The day after the Letterman appearance, at a press conference about Hurricane Sandy relief efforts, Christie was pressed about the public’s concerns over the impact of his weight on his health and whether he had any sort of plan to deal with the problem. Rather than getting all huffy about the intrusion (which, let me tell you, is where most gals would have gone with that), the governor good-naturedly copped to his struggles (as is his wont), expressed solidarity with the millions of other overweight Americans, and assured everyone that, in fact, “there is always a plan.” The rest of the media jumped on the exchange double quick, and next thing you know, the smugly svelte folks at Good Morning America are jawing about the governor’s weight, chattering about its possible effect on his presidential ambitions, and even hauling in Bill Clinton’s former weight-loss doc to fret over whether Christie might drop dead at any moment.
Enough already. Cut the guy some freaking slack. Will he need to drop some pounds (or, as GMA’s Amy Robach lectured, to “lay off the doughnuts”) if he ultimately wants to run for president? Maybe. Maybe not. More glaring obstacles have been overcome by talented pols. But at this stage, it’s not yet the entire nation’s business how fat Christie is. Yeah, yeah. Being that big increases his risk for numerous health problems. And if the time comes when it seems like Christie’s obesity is significantly impacting his ability to do his job, then New Jerseyans will want to factor that into their votes. Until then, if the governor needs to eat an extra slice or two to handle the stress of watching a bunch of posturing congressional jackasses threaten to hold his state’s disaster aid hostage, so be it.
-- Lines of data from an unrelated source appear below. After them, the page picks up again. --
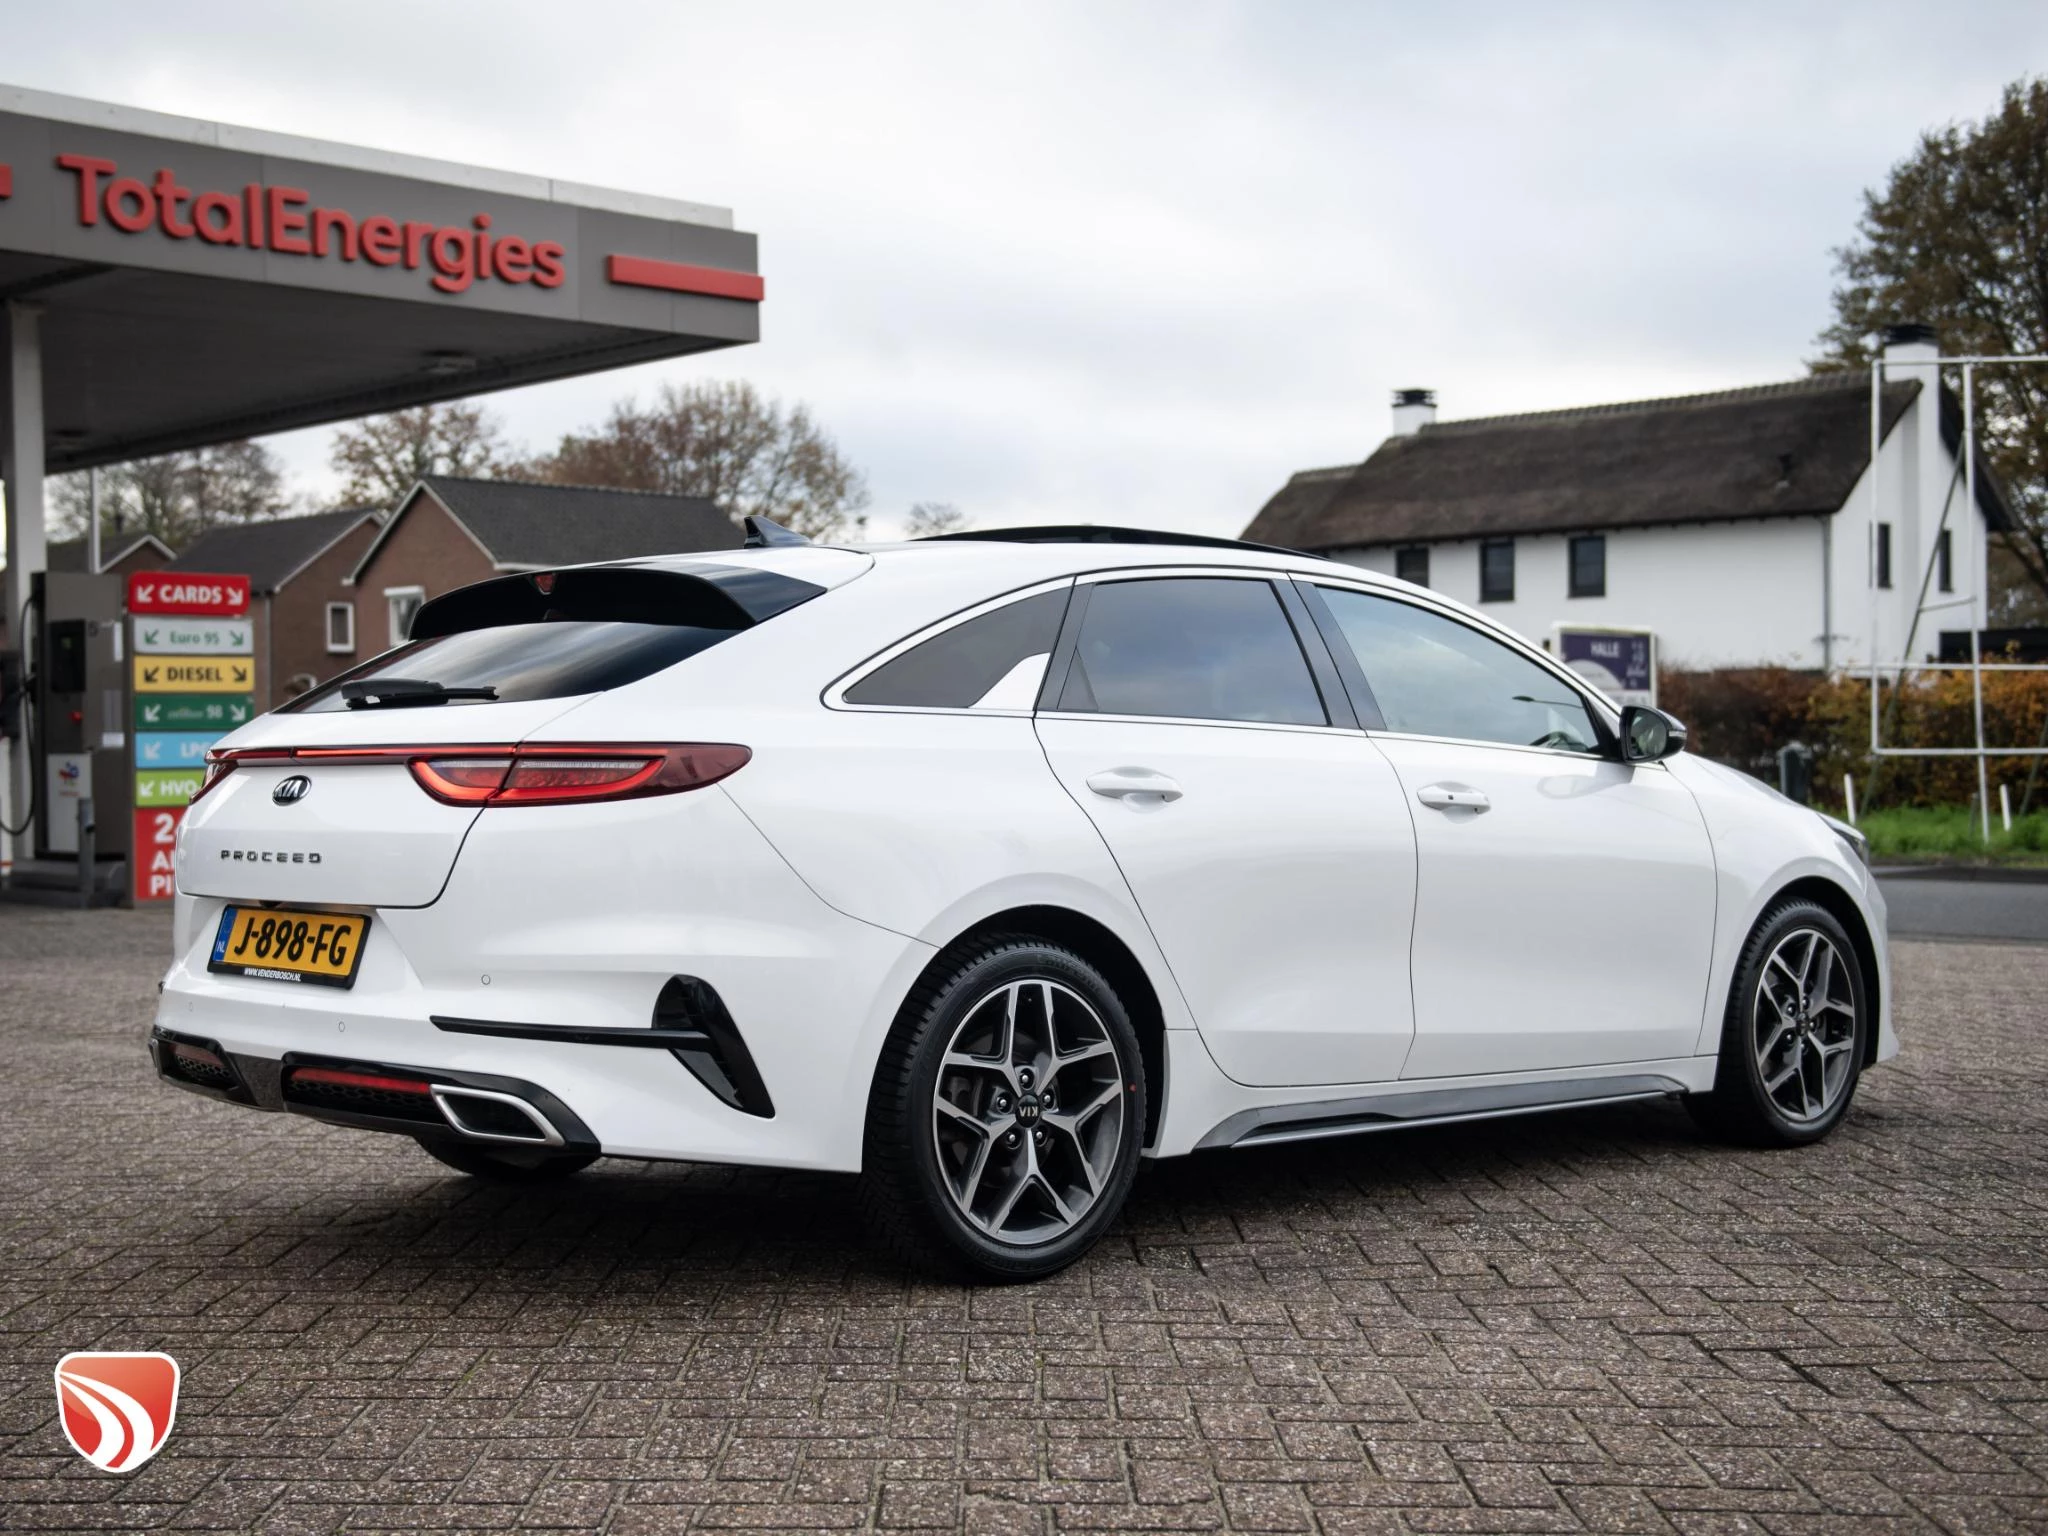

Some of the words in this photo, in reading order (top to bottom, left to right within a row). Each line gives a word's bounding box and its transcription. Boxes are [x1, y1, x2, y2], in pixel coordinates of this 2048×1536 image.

[56, 153, 566, 294] TotalEnergies
[159, 584, 223, 605] CARDS
[169, 631, 201, 645] Euro
[167, 666, 223, 682] DIESEL
[272, 777, 306, 801] KIA
[220, 849, 323, 863] PROCEED
[216, 940, 225, 953] NL
[233, 917, 352, 967] J-898-FG
[1018, 1105, 1039, 1117] KIA
More to the point, why is Christie’s fatness exponentially more problematic than, say, John Boehner’s manic chain-smoking or crazy tanning fetish? And what about some of the borderline alcoholics we’ve watched swan about the halls of the Capitol over the years? Or, if we really want to fret over an impaired ability to govern, what about the members of Congress who cling to office until they are so senile they can barely recognize their own wives? (Lighthearted case in point: a now deceased senator once tried to compel a former colleague of mine to escort him to the bathroom because the lawmaker mistook the young reporter for his aide.) I’ve been in Washington going on 17 years, during which time I’ve dealt with more than one lawmaker unnervingly past his prime.
Many people equate fatness with weakness—a lack of discipline, self-control, or character. Maybe. Then again, Michele Bachmann is rail thin and so tightly wound, she looks ready to spontaneously combust. Would anyone really feel more comfortable with her making vital governing decisions than with Christie? At least we can kind of guess what Christie’s coping mechanism is.
Fatness may be a flaw, but it is not a singularly terrible flaw. And God knows it is a widespread one in this country—and thus one many, many, many Americans relate to.
Indeed, through all of this personal probing, Christie comes across as strikingly likable, charming, sympathetic even. This is no mean feat for a guy who has traditionally not fared well in the polls with women voters because of his famously in-your-face persona. But if there’s one thing women appreciate, it’s weight battles. (Just ask Oprah.) Better still, while some pols might come across as too girlie when talking about the size of their derrieres, and thus risk alienating the more macho elements of the electorate and punditocracy, the pugnacious Christie obviously doesn’t have that problem. (I dare Glenn Beck to try and revoke the governor’s man card.)
I bet I wasn’t the only person impressed when, at the end of his fat talk at Tuesday’s presser, Christie gently informed reporters that, while he cared about the issue, “I’m not going to be overly self-consumed about this.”
Good advice for the rest of the chattering class.